After years of painful soul searching, Rhiannon O'Donnabhain -- a former construction engineer from a devout Irish Catholic family in Boston -- decided to surgically change his sex to female in 2001. The struggle was equally tough financially -- hormone treatments and medical procedures set her back $25,000, a burden she felt could be partially offset by taking a $5,000 tax deduction for medical costs.
When she sent in her tax claims after the surgery, the IRS initially issued the 64-year-old former Coast Guard reservist a refund check for $5,000. But soon after, she was audited and ordered to return the refund because the IRS had determined that her surgery had been merely "cosmetic" -- and therefore not tax deductible.
Rather than return the money, O'Donnabhain opted to sue the IRS. The result has been a riveting case -- the first of its kind in normally staid U.S. Tax Court -- in which lawyers have just concluded oral arguments and are set to present a new round of written briefs next month. The core question is this: Should changing your sex be tax deductible?

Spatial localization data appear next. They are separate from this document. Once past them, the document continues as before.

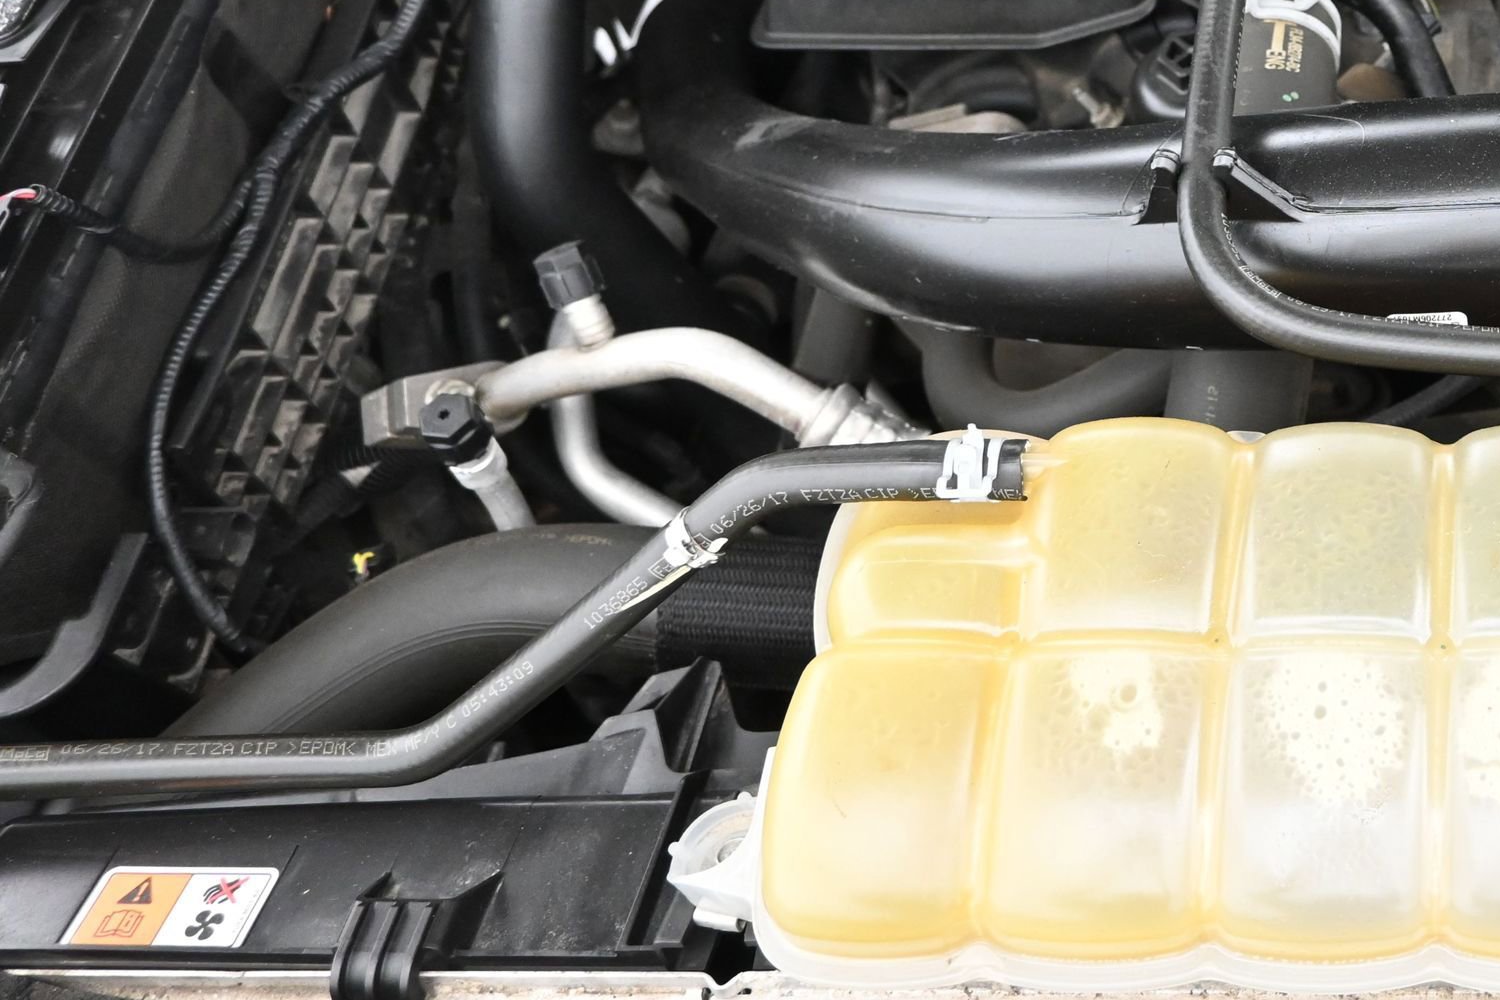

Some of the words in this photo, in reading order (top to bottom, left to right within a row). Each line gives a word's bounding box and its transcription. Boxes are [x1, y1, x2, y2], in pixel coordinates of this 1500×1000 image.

[1264, 49, 1287, 70] ENG
[61, 743, 160, 755] 06/26/17
[240, 742, 278, 755] CIP
[286, 741, 357, 756] >EPDM<
[461, 660, 534, 718] 05:43:09
[583, 575, 648, 630] 1036865
[710, 491, 788, 535] 06/26/17
[864, 488, 899, 500] CIP
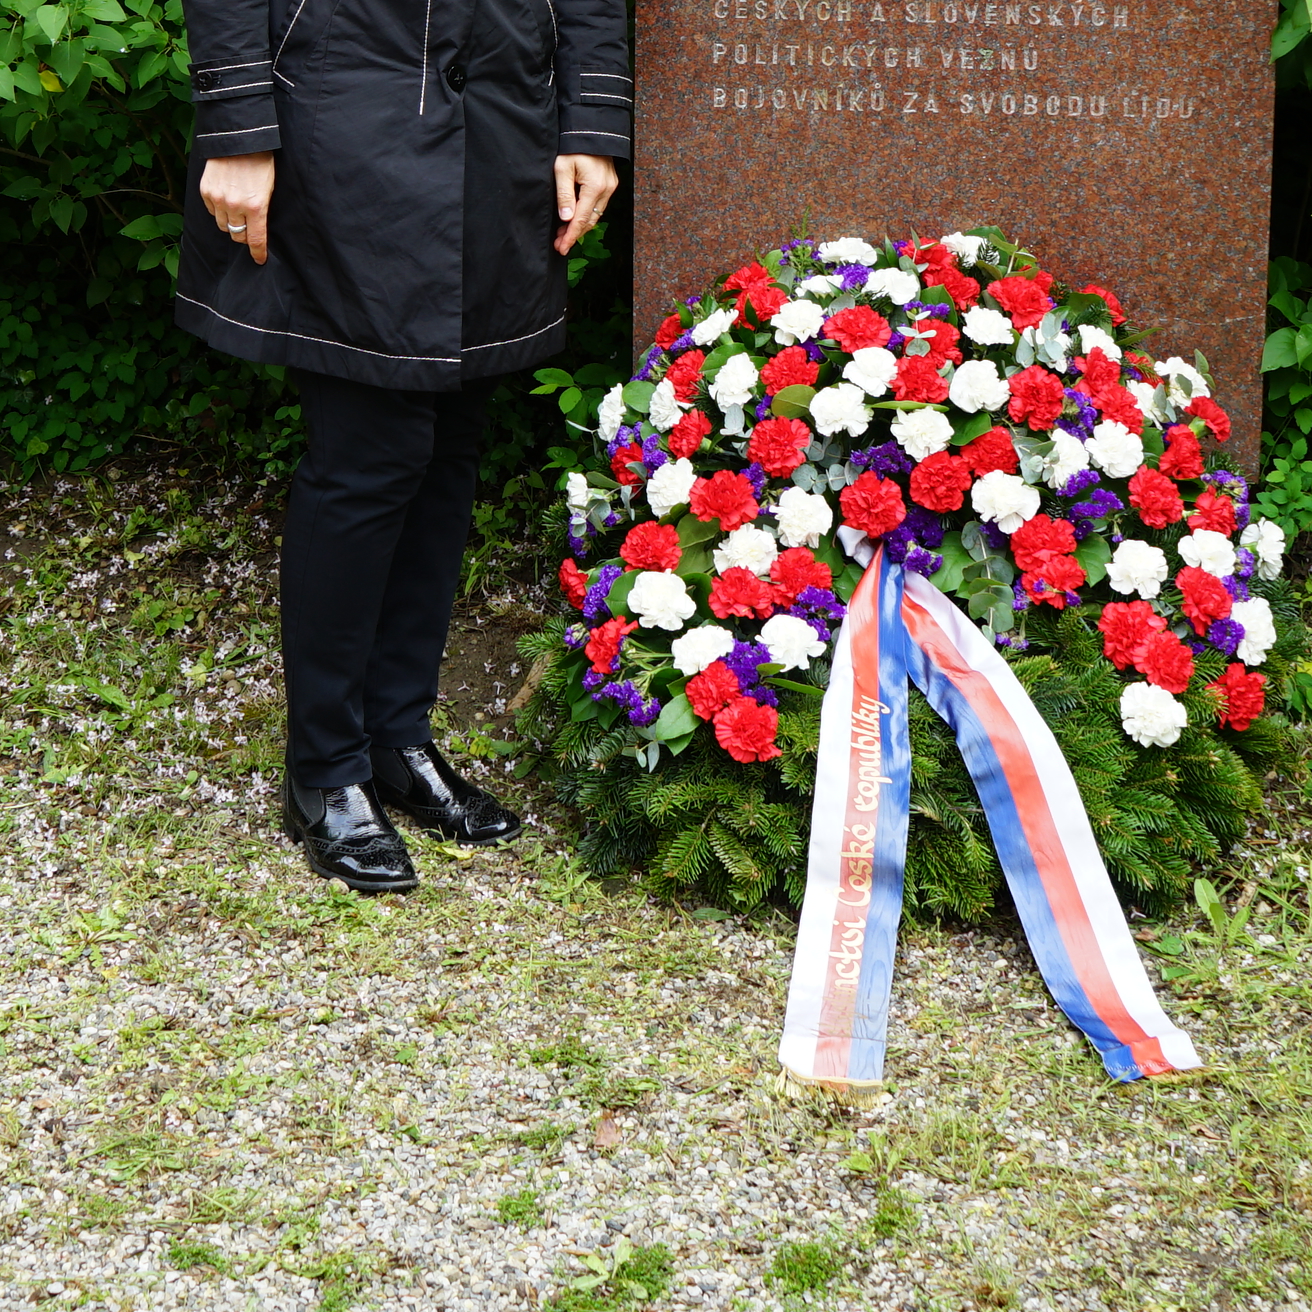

The answer, according to leading medical experts, is an unequivocal yes. In fact, O'Donnabhain's treatment by the government has sparked outrage among medical professionals who specialize in gender identity disorder, a condition that leads an estimated 1,000 to 2,000 Americans a year to undergo sex-change operations.
"When did the IRS suddenly become physicians?" said Marshall Forstein, associate professor of psychiatry at Harvard Medical School. "It's absolutely clear that transgender identity is a condition discussed in diagnostic manuals. It seems the IRS is now in the business of practicing medicine without a license."